Look Out Below

| 11 Nov 2014 | 02:13

     

     

     

     

      DO THEATER ARTISTS ever consider critics when picking titles? The Debate Society’s Cape Disappointment is precisely what I mean—it’s the kind of title that’s tantamount to putting a fresh carcass before a starving dog.Yet the 70minute piece is anything but disappointing.

    Cape Overachieving might have been better. This is the fourth full-length work by the Brooklyn-based company, which has established a reputation for toying with ideas around deconstruction without hurling at the audience all the academic baggage and intellectual gobbledygook that usually comes along with it. Here, the two performer-creators that anchor the group, Hannah Bos and Paul Thureen, together with director Oliver Butler, examine the phenomenon of the drive-in movie in order to satirize and mourn the paltry state of our nation.With America’s financial collapse—or something close to it— arguably underway, their timing couldn’t be more exquisite. Indeed, what better than to dig out a sunny icon of American pop culture and raise it toward the sky, exposing the many dark truths regarding who we are—or maybe who we were—as a people.

    Much like the drive-in movie experience itself, Cape Disappointment begins with a cartoon.This one is set in the early 20th century in which a couple decked out in Sunday finery, played by Bos and Thureen, feverishly extol the virtues of the city of Detroit.

    Laughter, at first genuine and later saturated with irony, builds as the couple performs the scene from what appears to be a raised platform or construction scaffold at one end of the extremely wide black-box space. It’s not that Butler has gone mad with symbolism (is this the glorification of American industry?), but as the couple’s Motor City musings turn exaggerated and over the top, ridiculous and absurd, mope-rock songs start playing in your head and clinging to your heart, as if you know that behind all that halcyon optimism lies something far less heady.  

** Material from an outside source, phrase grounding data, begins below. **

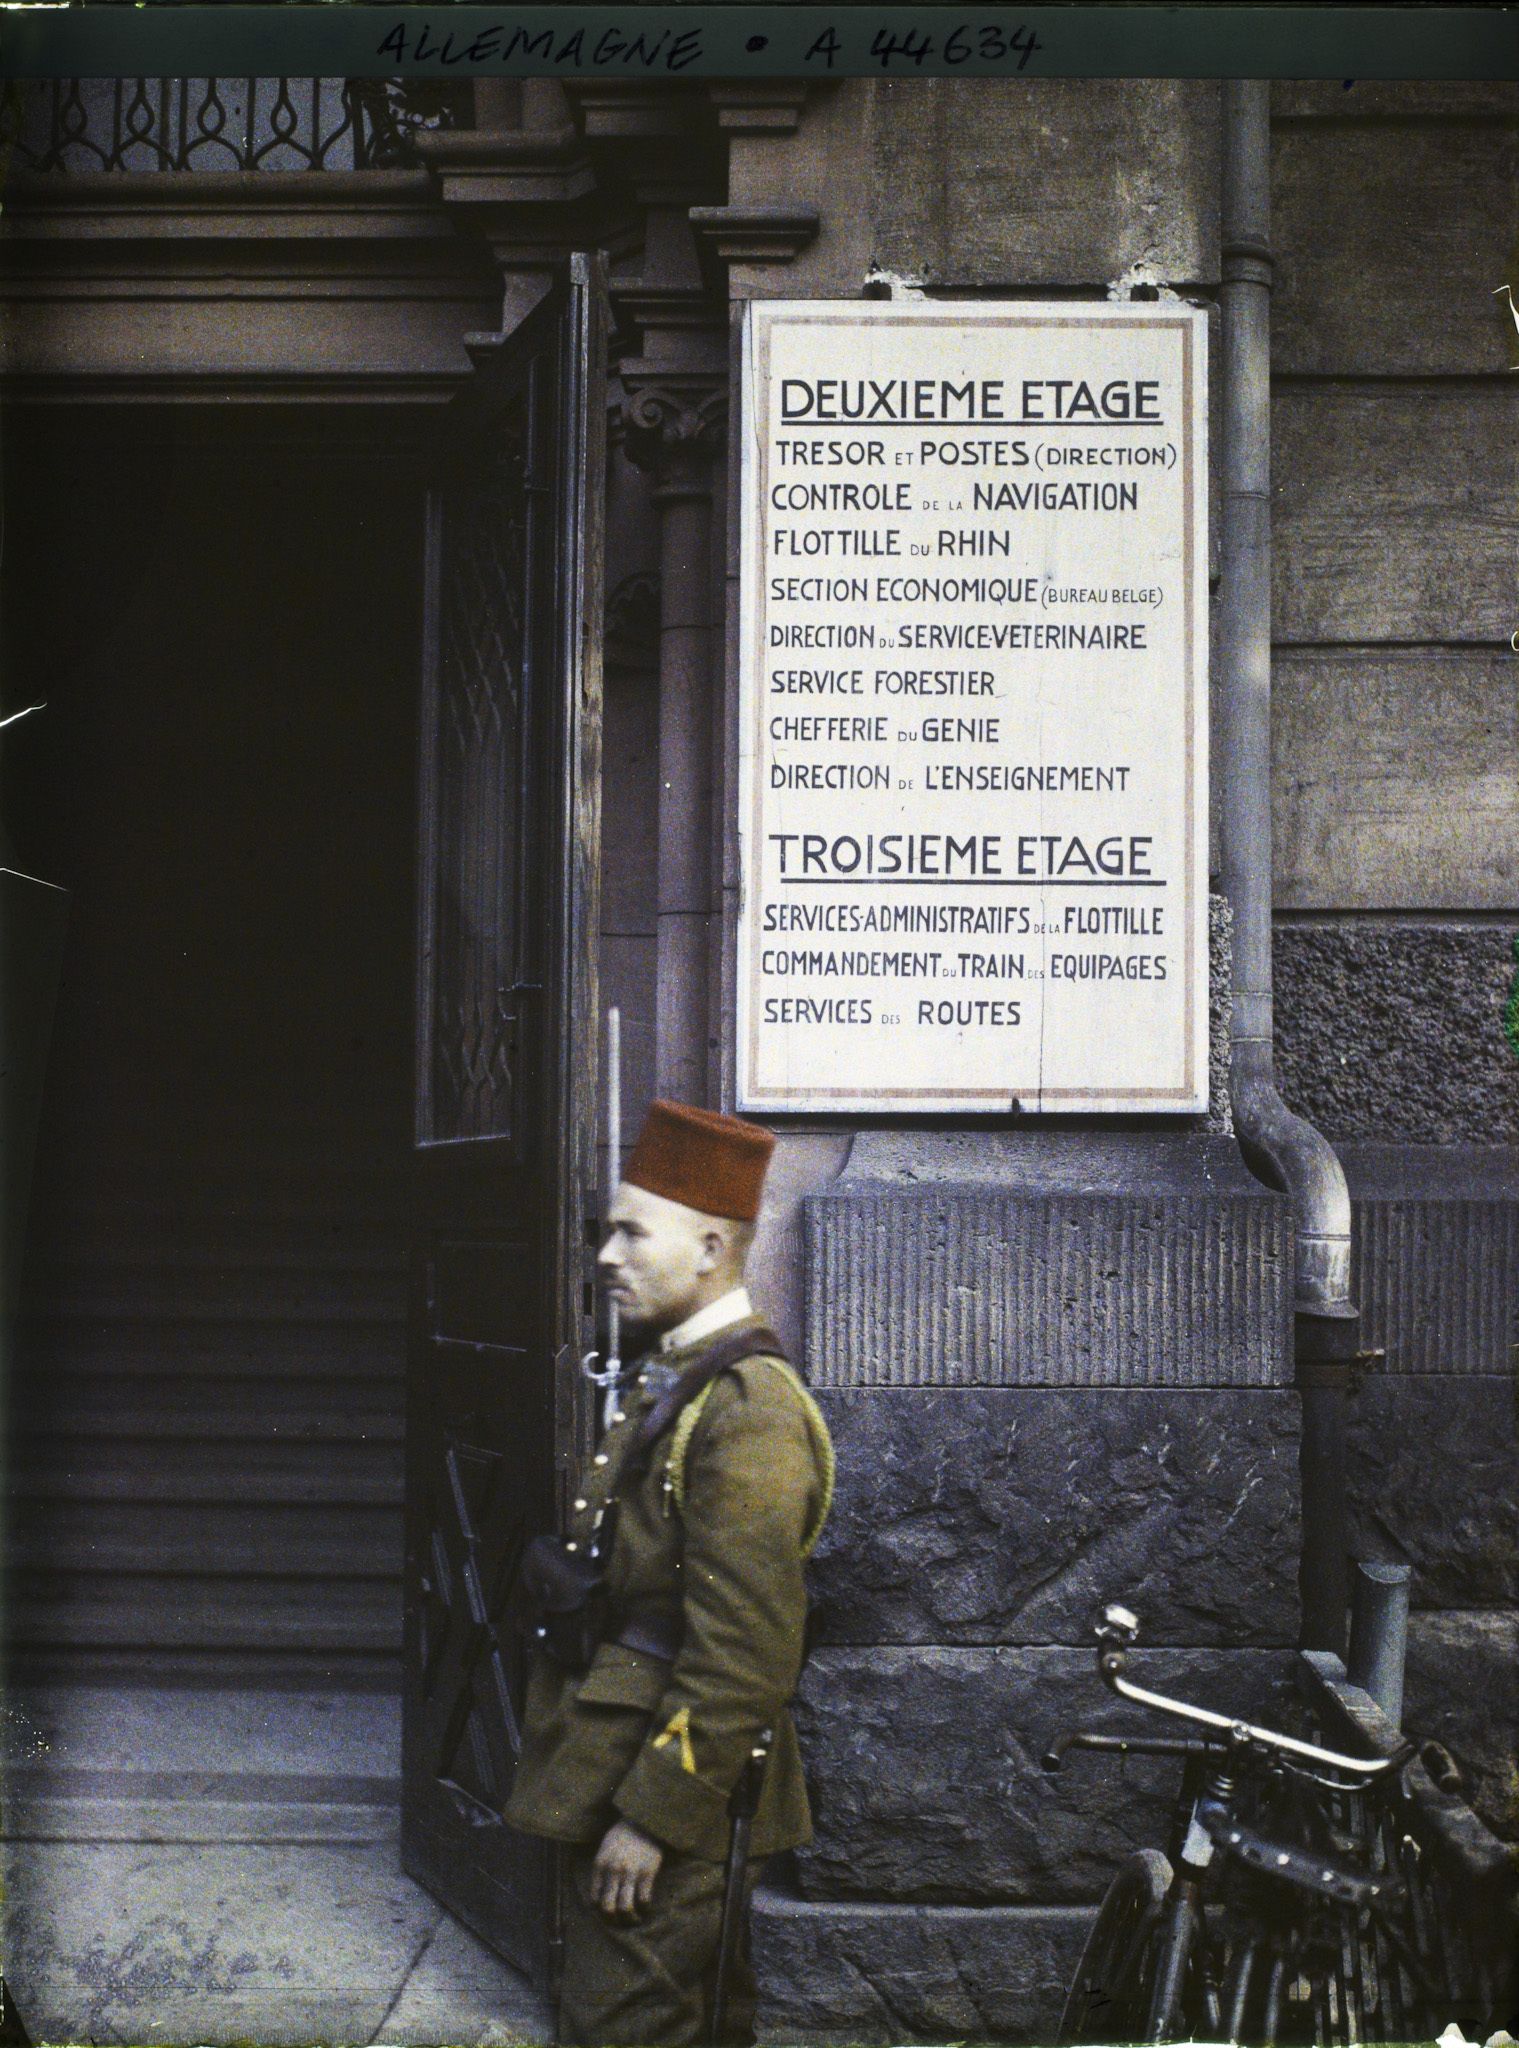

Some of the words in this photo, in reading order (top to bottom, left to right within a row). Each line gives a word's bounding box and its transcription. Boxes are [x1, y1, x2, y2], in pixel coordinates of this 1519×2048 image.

[781, 380, 1004, 419] DEUXIEME
[1022, 380, 1160, 419] ETAGE
[776, 440, 886, 465] TRESOR
[896, 452, 914, 465] ET
[921, 441, 1029, 465] POSTES
[1035, 442, 1177, 471] (DIRECTION)
[771, 483, 912, 511] CONTROLE
[922, 500, 939, 510] DE
[948, 500, 963, 510] LA
[973, 482, 1137, 510] NAVIGATION
[774, 530, 900, 556] FLOTTILLE
[911, 543, 930, 556] DU
[938, 530, 1010, 556] RHIN
[771, 578, 867, 601] SECTION
[877, 578, 1038, 606] ECONOMIQUE
[771, 624, 874, 648] DIRECTION
[879, 638, 894, 648] DU
[771, 670, 864, 694] SERVICE
[875, 670, 995, 696] FORESTIER
[769, 717, 888, 741] CHEFFERIE
[898, 731, 917, 742] DU
[922, 718, 999, 743] GENIE
[771, 765, 890, 789] DIRECTION
[899, 780, 913, 790] DE
[926, 766, 1131, 791] L'ENSEIGNEMENT
[768, 834, 1001, 874] TROISIEME
[1017, 836, 1152, 876] ETAGE
[1034, 924, 1046, 934] DE
[1048, 924, 1060, 934] LA
[1064, 906, 1164, 935] FLOTTILLE
[762, 951, 942, 977] COMMANDEMENT
[942, 968, 957, 978] DU
[958, 953, 1024, 978] TRAIN
[1027, 969, 1044, 979] DES
[1051, 954, 1167, 983] EQUIPAGES
[764, 999, 872, 1024] SERVICES
[881, 1014, 900, 1025] DES
[918, 1001, 1020, 1026] ROUTES

    Now it’s on to the piece itself, a series of loosely intertwined vignettes that take their cue from the film genres that used to play in drive-in movies. Unquestionably the best storyline involves actor Michael Cyril Creighton playing the straight-laced older brother to Bos’ prim and reticent younger sister. It’s the pitch of night; they’re driving on an unlit road.They’re supposed to be fetching an aging and kooky aunt, played by noted Broadway actress Pamela Payton-Wright, from a train station. But awful things impede them, some of which are made clear to the audience (they run out of gas), some left to the imagination (was the sister raped?). It’s all very Hitchcockian, sure; it’s also hilarious and horrifying. Later on, Payton-Wright delivers a beautiful monologue that gives shape, sound and soul to a range of American myths, despite the fact that it’s all about a beauty pageant she won in her salad days. The Debate Society’s designers, including Karl Allen (set), Mike Riggs (lighting), Sydney Maresca (costumes) and Nathan Leigh (sound), perform some wonderfully macabre feats: Rarely have creeping pinpricks of light, for example, freighted so much narrative so expertly. And Butler takes full advantage of the sweeping expanse of the space to make Cape Disappointment seem like the paranormal panorama it aspires to be, with a rickety fence doubling as a tiny stage, a small box turning into a semi and a patchwork of branches on the floor serving as the unnerving sound of crunching leaves.The tales that accompany each of the show’s scenic wonders—especially what happens to the unfortunate guys in the semi—are best left to those who view Cape Disappointment, a title that’s unworthy of its heights and its depth. -- Cape Disappointment Through Dec. 7, P.S. 122, 150 1st Ave. (at E. 9th St.), 212-352-3101; times vary, $18.